§ **DATA TO USE**:
■ ■ ■ ■

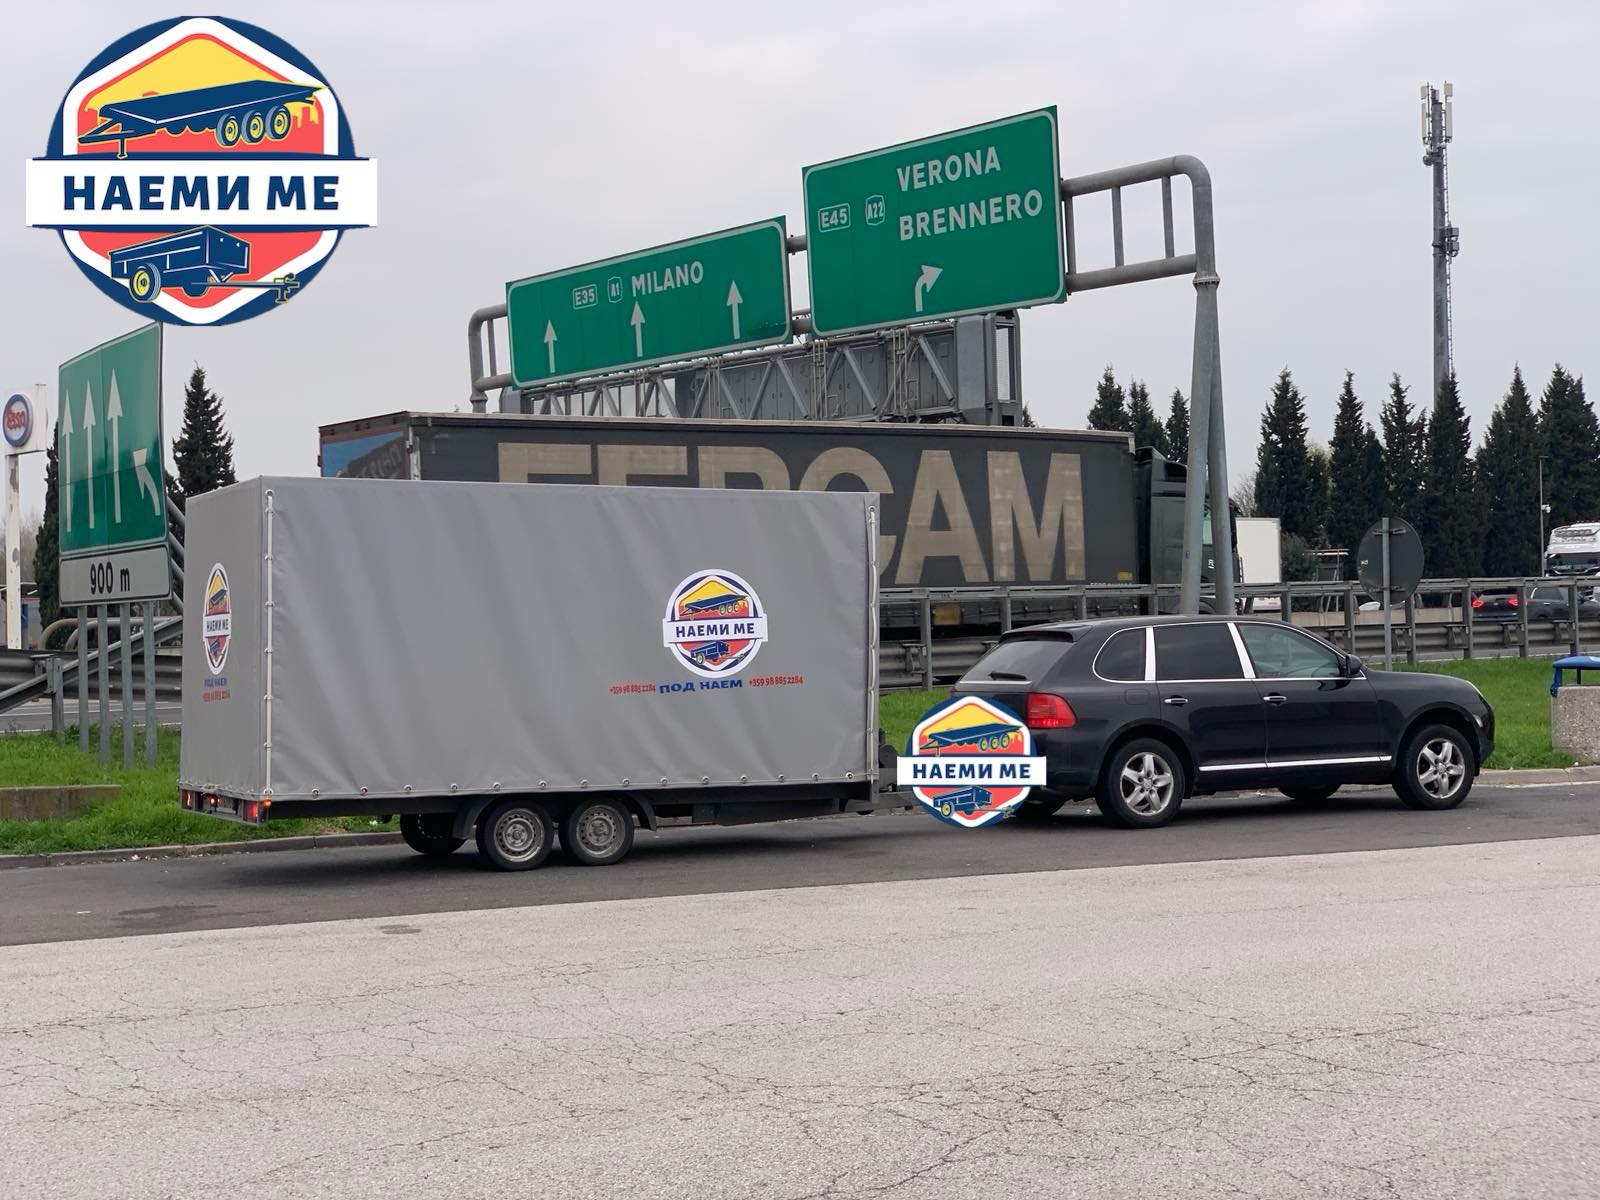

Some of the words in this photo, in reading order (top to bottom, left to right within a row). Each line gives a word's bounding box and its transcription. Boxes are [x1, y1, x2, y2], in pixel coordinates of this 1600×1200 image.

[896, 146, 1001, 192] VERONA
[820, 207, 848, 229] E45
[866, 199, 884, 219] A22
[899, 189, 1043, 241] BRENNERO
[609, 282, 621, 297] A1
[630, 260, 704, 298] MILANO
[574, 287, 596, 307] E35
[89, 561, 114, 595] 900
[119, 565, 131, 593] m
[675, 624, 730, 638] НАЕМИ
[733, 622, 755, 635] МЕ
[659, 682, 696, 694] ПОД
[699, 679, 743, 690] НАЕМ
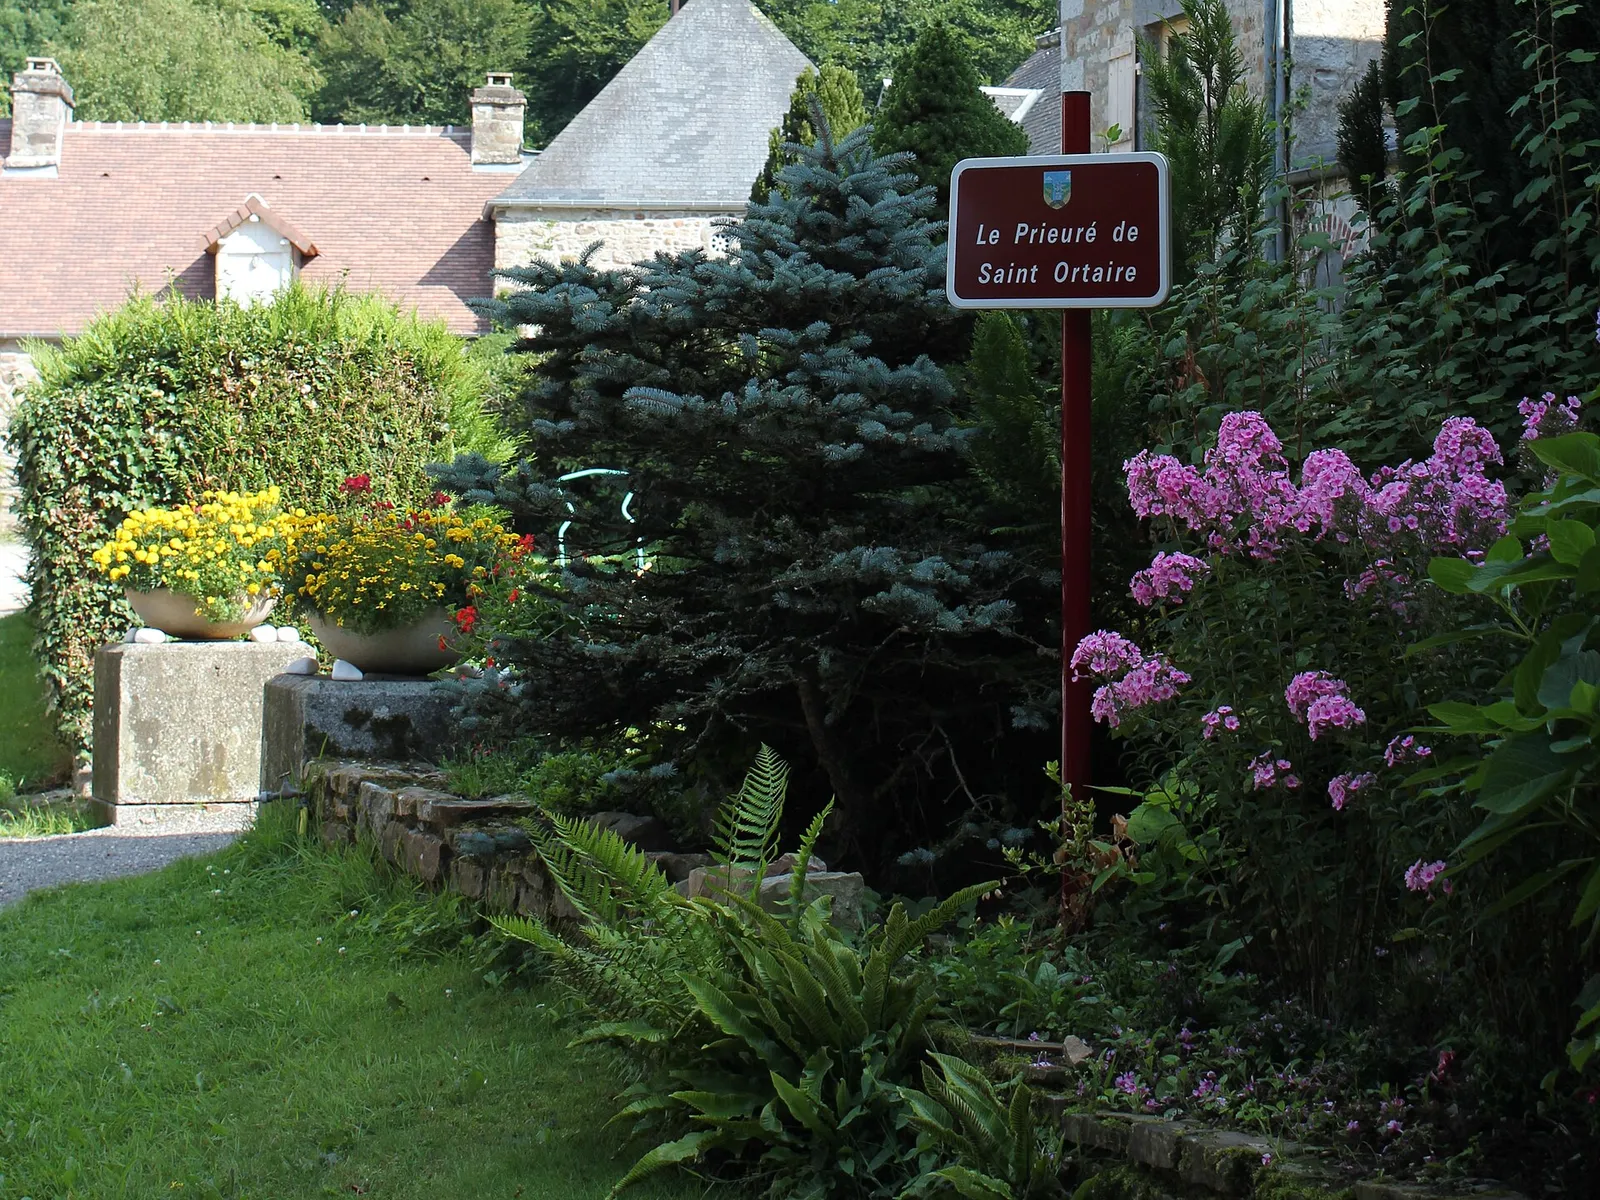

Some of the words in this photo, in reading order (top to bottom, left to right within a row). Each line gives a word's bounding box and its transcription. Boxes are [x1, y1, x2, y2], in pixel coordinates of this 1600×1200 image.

■ ■ ■ ■

§ **THE PROBLEM**: Each record above should be retyped exactly, with no pictures carried over.

§ **EXERCISE ANSWER**:
Some of the words in this photo, in reading order (top to bottom, left to right within a row). Each line gives a word's bounding box and its transcription. Boxes are [x1, y1, x2, y2], in pixel coordinates of this 1600×1200 image.

[896, 146, 1001, 192] VERONA
[820, 207, 848, 229] E45
[866, 199, 884, 219] A22
[899, 189, 1043, 241] BRENNERO
[609, 282, 621, 297] A1
[630, 260, 704, 298] MILANO
[574, 287, 596, 307] E35
[89, 561, 114, 595] 900
[119, 565, 131, 593] m
[675, 624, 730, 638] НАЕМИ
[733, 622, 755, 635] МЕ
[659, 682, 696, 694] ПОД
[699, 679, 743, 690] НАЕМ

Some of the words in this photo, in reading order (top to bottom, left to right within a row). Each line gives a word's bounding box and its transcription. Boxes are [x1, y1, x2, y2], in pixel coordinates of this 1600×1200 image.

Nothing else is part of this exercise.